PROBLEM STATEMENT
Only these lines should appear, exactly: the one containing "this 1600×1200 image." and every line after it through the end of the material below.

THE DATA
——————————

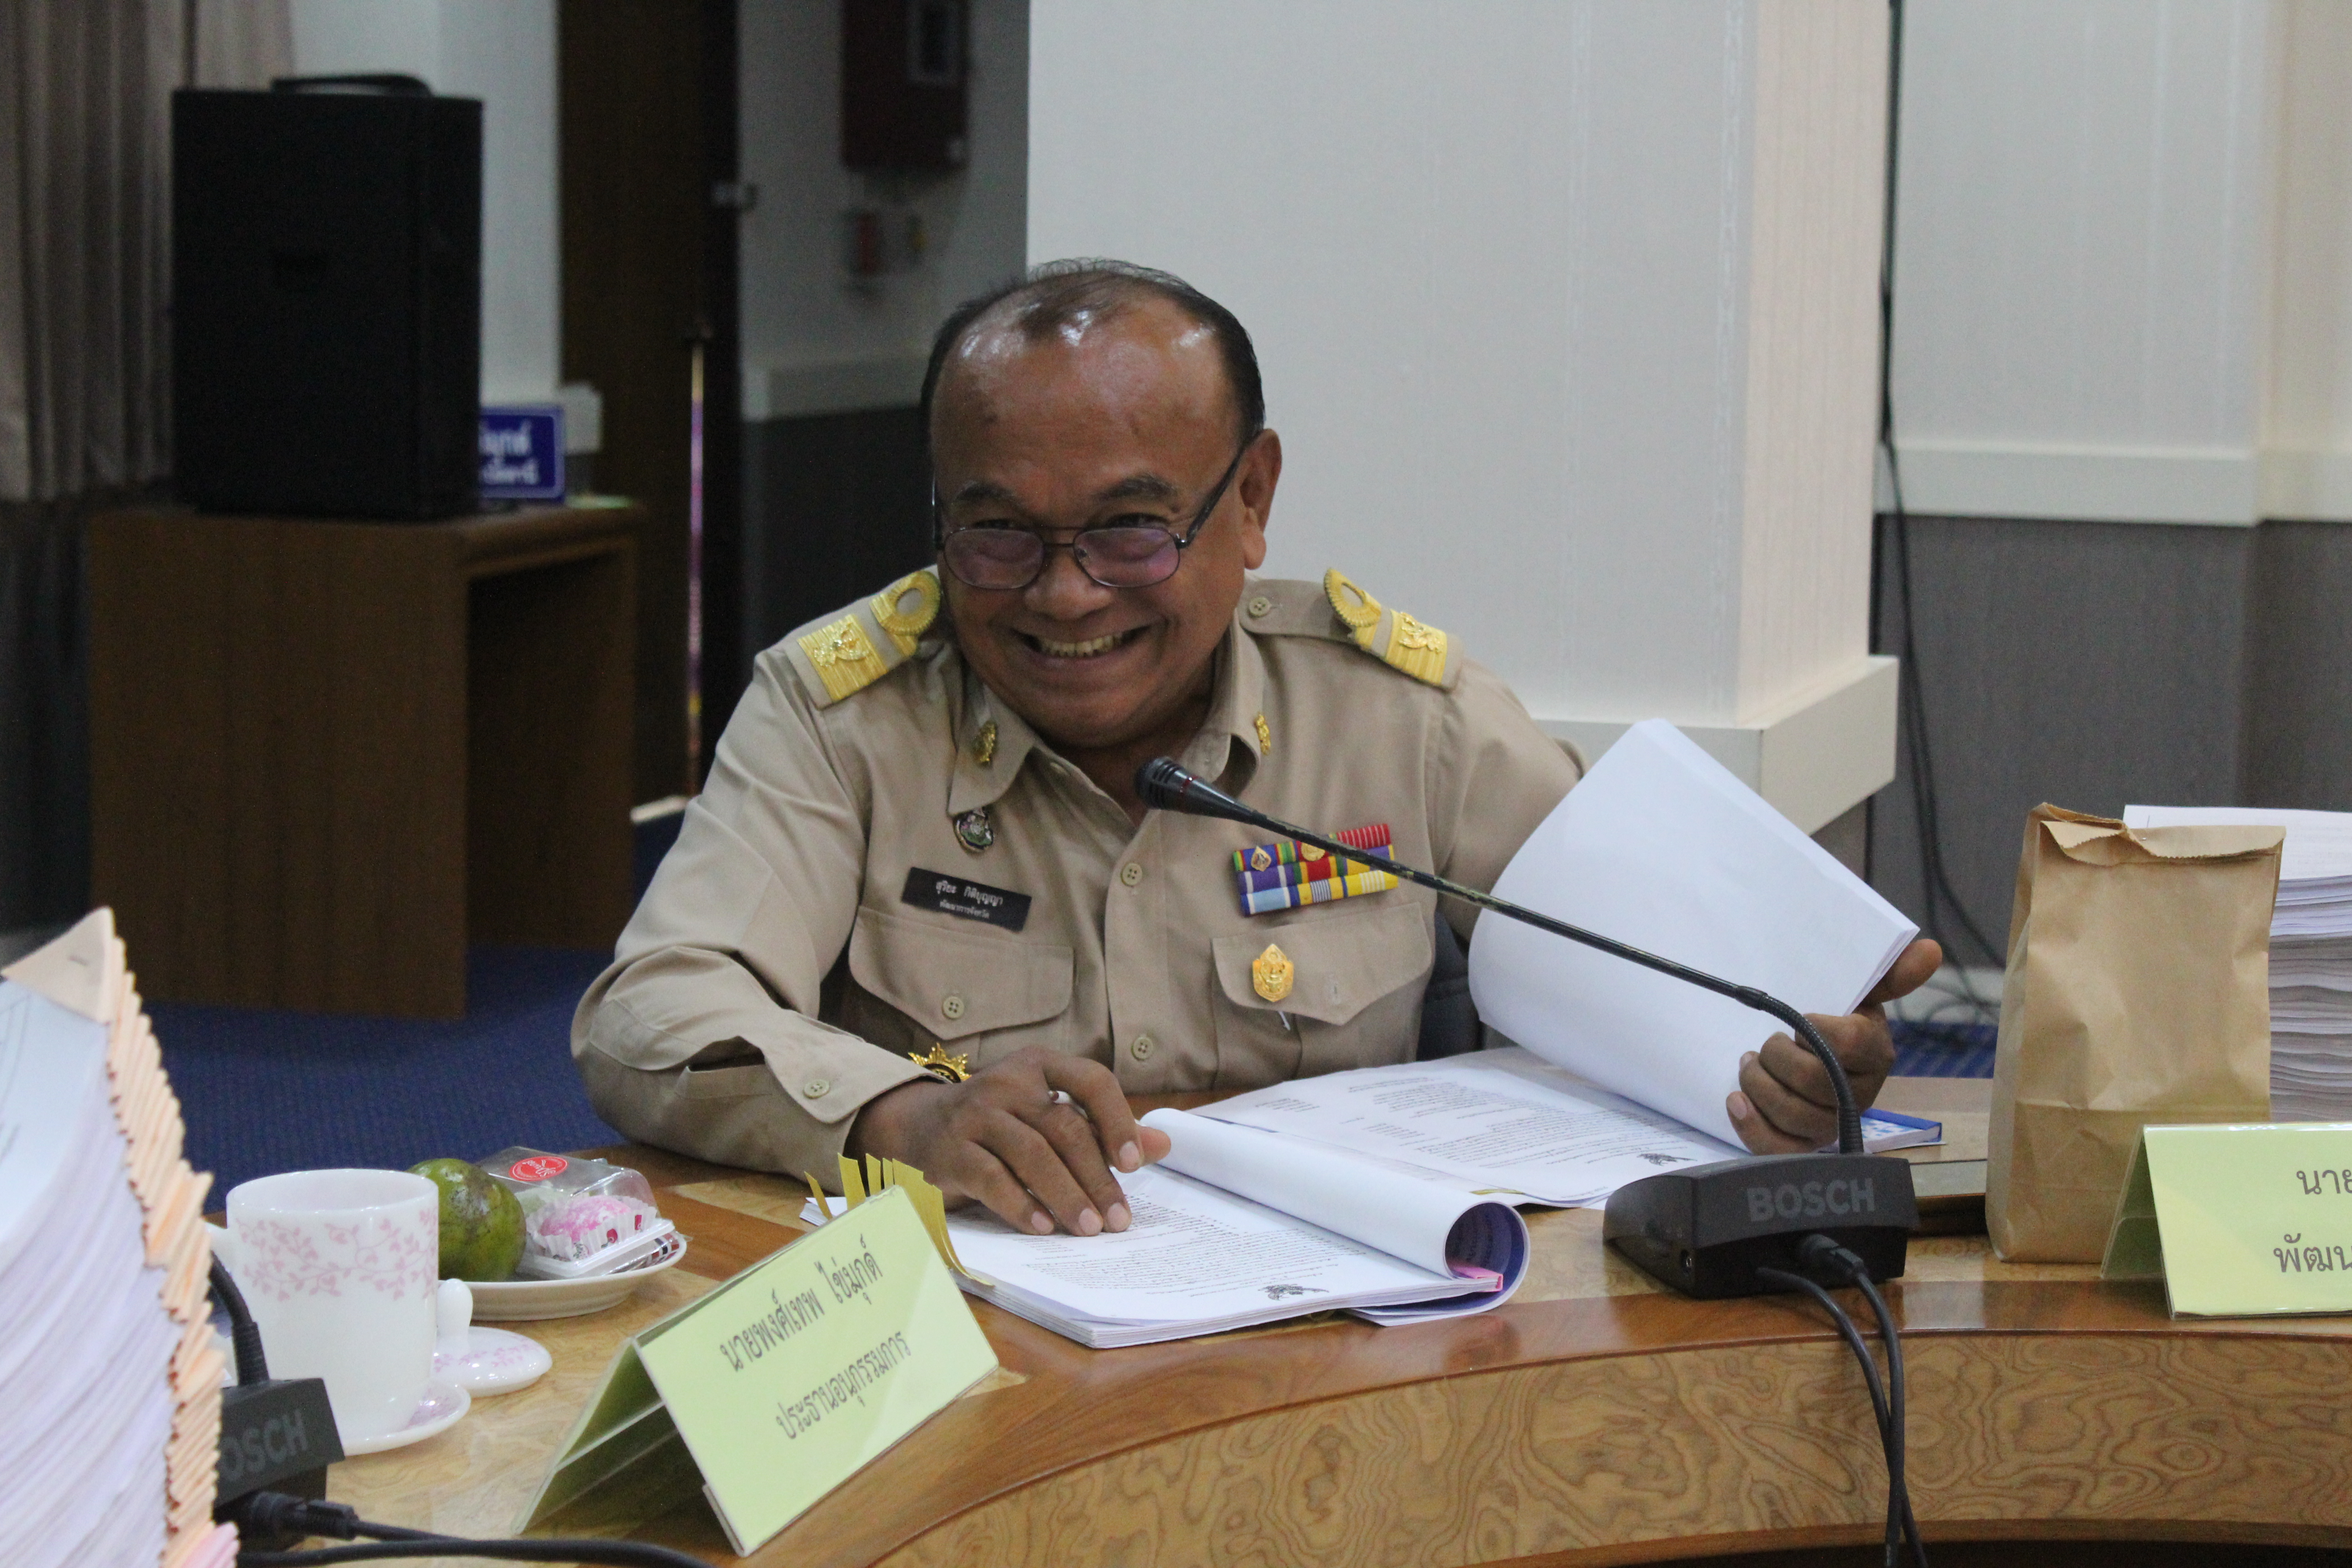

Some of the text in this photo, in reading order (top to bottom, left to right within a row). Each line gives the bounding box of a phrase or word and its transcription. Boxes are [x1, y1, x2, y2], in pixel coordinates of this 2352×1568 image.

[1747, 1178, 1875, 1222] BOSCH
[720, 1233, 883, 1372] นายพงศ์เทพ ไข่มุกด์
[775, 1331, 911, 1439] ประธานอนุกรรมการ
[219, 1408, 308, 1481] OSCH
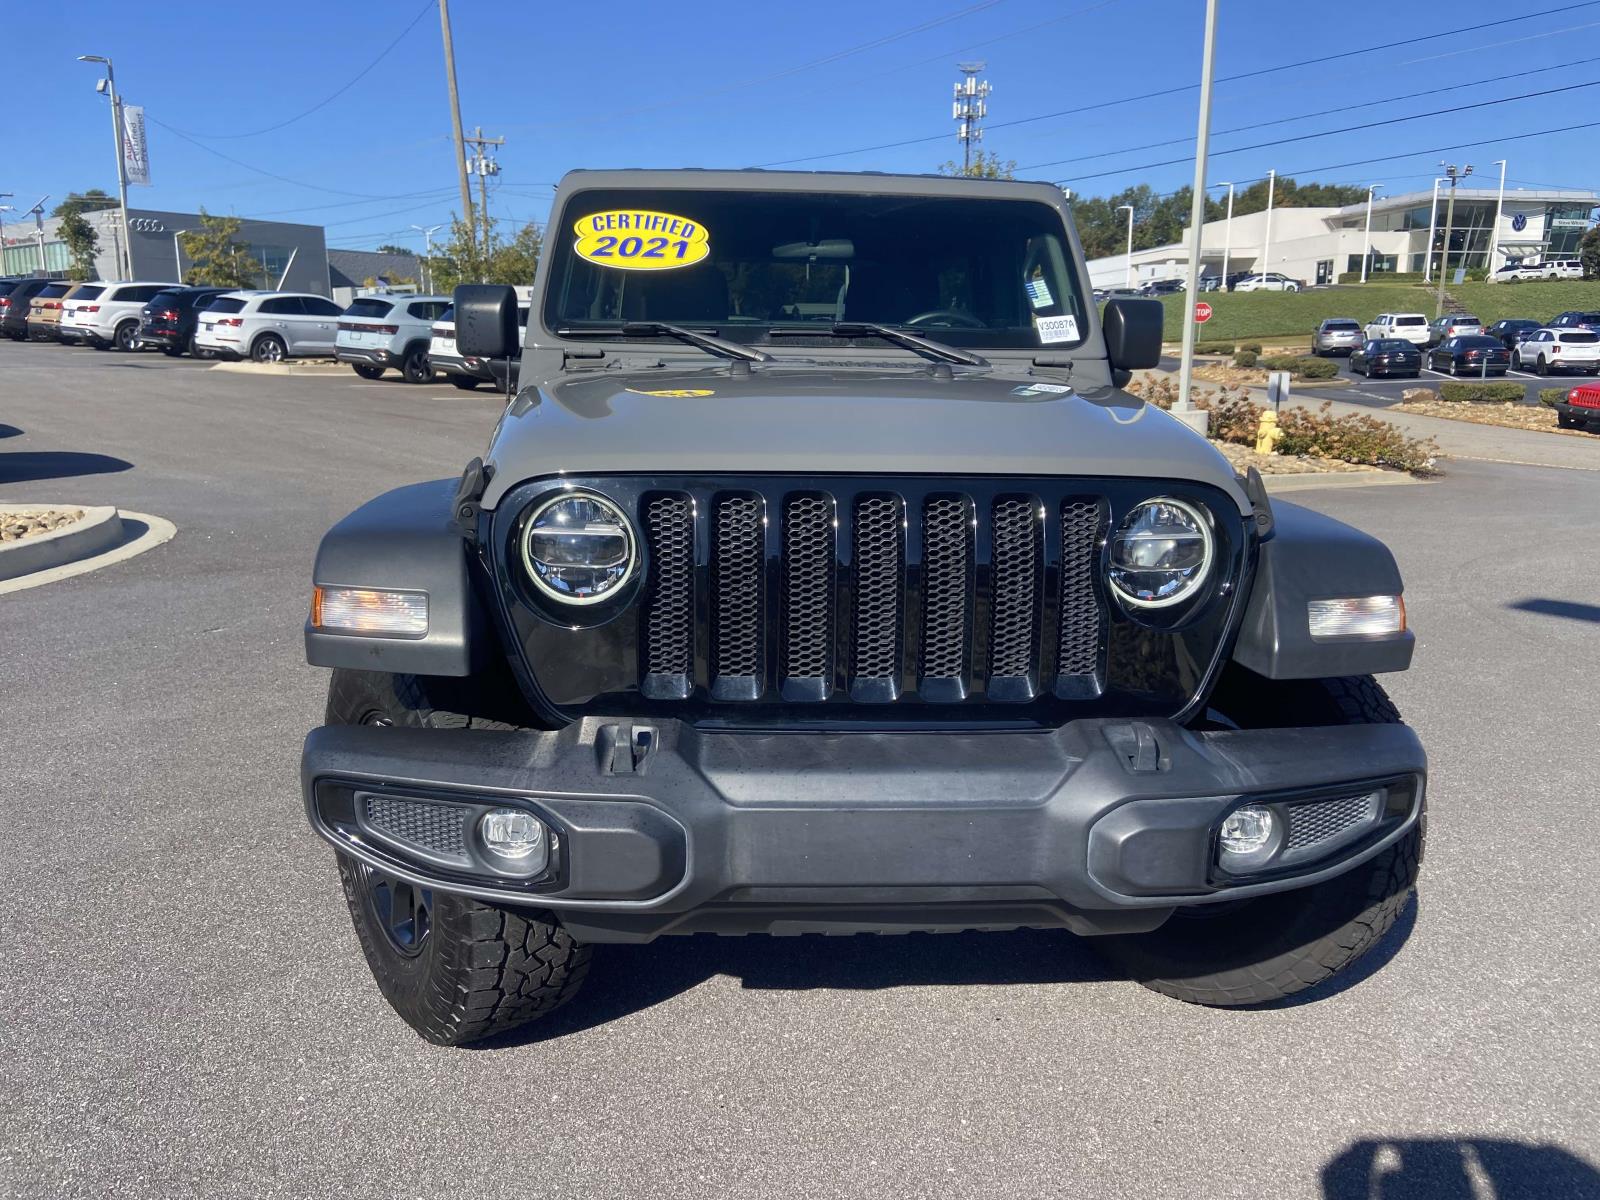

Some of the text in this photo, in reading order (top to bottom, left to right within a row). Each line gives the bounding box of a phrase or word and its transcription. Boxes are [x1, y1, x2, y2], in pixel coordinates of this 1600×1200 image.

[592, 213, 696, 239] CERTIFIED
[590, 236, 689, 259] 2021
[1197, 308, 1210, 317] TOP
[1039, 319, 1075, 331] V30087A

——————————

RESPONSE TO THIS TASK
Some of the text in this photo, in reading order (top to bottom, left to right within a row). Each line gives the bounding box of a phrase or word and its transcription. Boxes are [x1, y1, x2, y2], in pixel coordinates of this 1600×1200 image.

[592, 213, 696, 239] CERTIFIED
[590, 236, 689, 259] 2021
[1197, 308, 1210, 317] TOP
[1039, 319, 1075, 331] V30087A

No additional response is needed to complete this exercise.